Le bien-être fait partie intégrante d’une bonne santé et sans bien-être, aucun individu ne peut réaliser son potentiel, travailler de manière productive ou contribuer de manière significative à la société. En effet, sans bien-être, on ne peut pas dire qu’on soit en bonne santé.
Atteindre le bien-être n’est cependant pas toujours facile car cela implique une santé mentale sujette à des déclencheurs externes ; situation économique, bouleversements émotionnels, stress professionnel, problèmes familiaux et tant d’autres conditions.
L’un des facteurs qui affectent la santé mentale est la grossesse non désirée, qui se présente sous deux formes : une grossesse non désirée, c’est-à-dire une grossesse qui survient alors qu’aucun enfant n’est désiré, et une grossesse inopportune, c’est-à-dire une grossesse qui survient plus tôt que souhaité.
La vérité cependant est que, qu’elles soient non désirées ou inopportunes, les grossesses non désirées sont courantes ; les statistiques sanitaires indiquent que dans de nombreux pays en développement, la proportion de naissances récentes non désirées dépasse 40 pour cent, tandis qu’au Nigeria, on estime qu’une grossesse sur cinq n’est pas planifiée.
Les causes des grossesses non désirées comprennent l’échec de la contraception, la désinformation sur la reproduction, la contrainte sexuelle, les abus ou le viol et la non-utilisation des contraceptifs disponibles.
Les grossesses non désirées peuvent survenir parmi toutes les populations de femmes, en particulier les femmes célibataires, celles qui se trouvent aux deux extrémités de l’âge de procréer (puberté et ménopause), celles qui ne sont pas instruites, celles dont le statut socio-économique est faible, les femmes qui abusent de substances psychoactives et celles qui pratiquent le commerce sexuel.
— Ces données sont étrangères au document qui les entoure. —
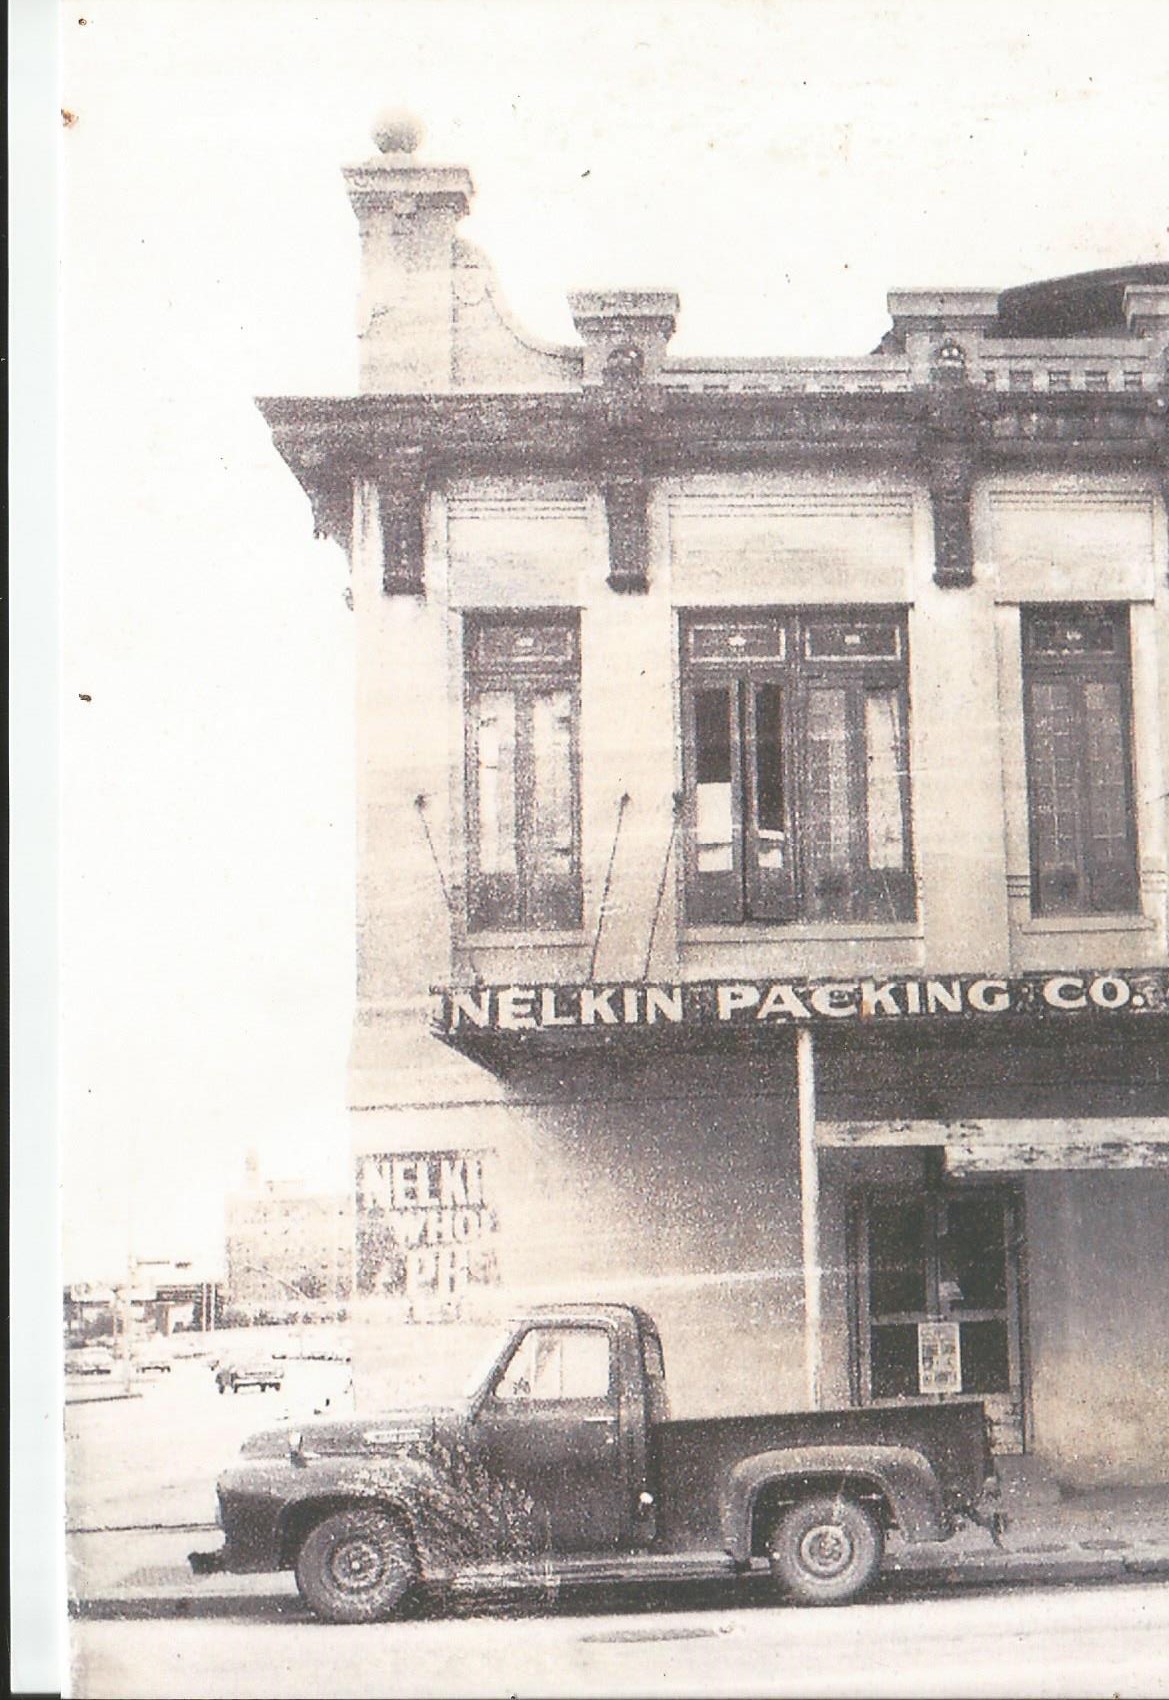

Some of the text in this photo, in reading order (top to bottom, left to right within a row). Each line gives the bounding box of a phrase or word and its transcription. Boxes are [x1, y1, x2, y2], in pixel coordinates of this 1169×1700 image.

[450, 985, 684, 1031] NELKIN
[717, 979, 1011, 1021] PACKING
[1043, 975, 1146, 1010] CO.
Une grossesse non désirée a une implication majeure ; des risques élevés de conséquences néfastes sur la santé sociale, économique, physique et mentale de la mère et de l’enfant. Les effets sont considérables et s’étendent de la période de grossesse jusqu’au post-partum et tout au long de la vie.
Les femmes qui ont prévu une grossesse souffrent généralement de honte, de rejet et de stigmatisation pendant leur grossesse. Elles subissent des pressions en matière de soutien social, risquent d’avoir recours à un avortement sécurisé ou non sécurisé ainsi qu’à des soins prénatals et à un accouchement risqués.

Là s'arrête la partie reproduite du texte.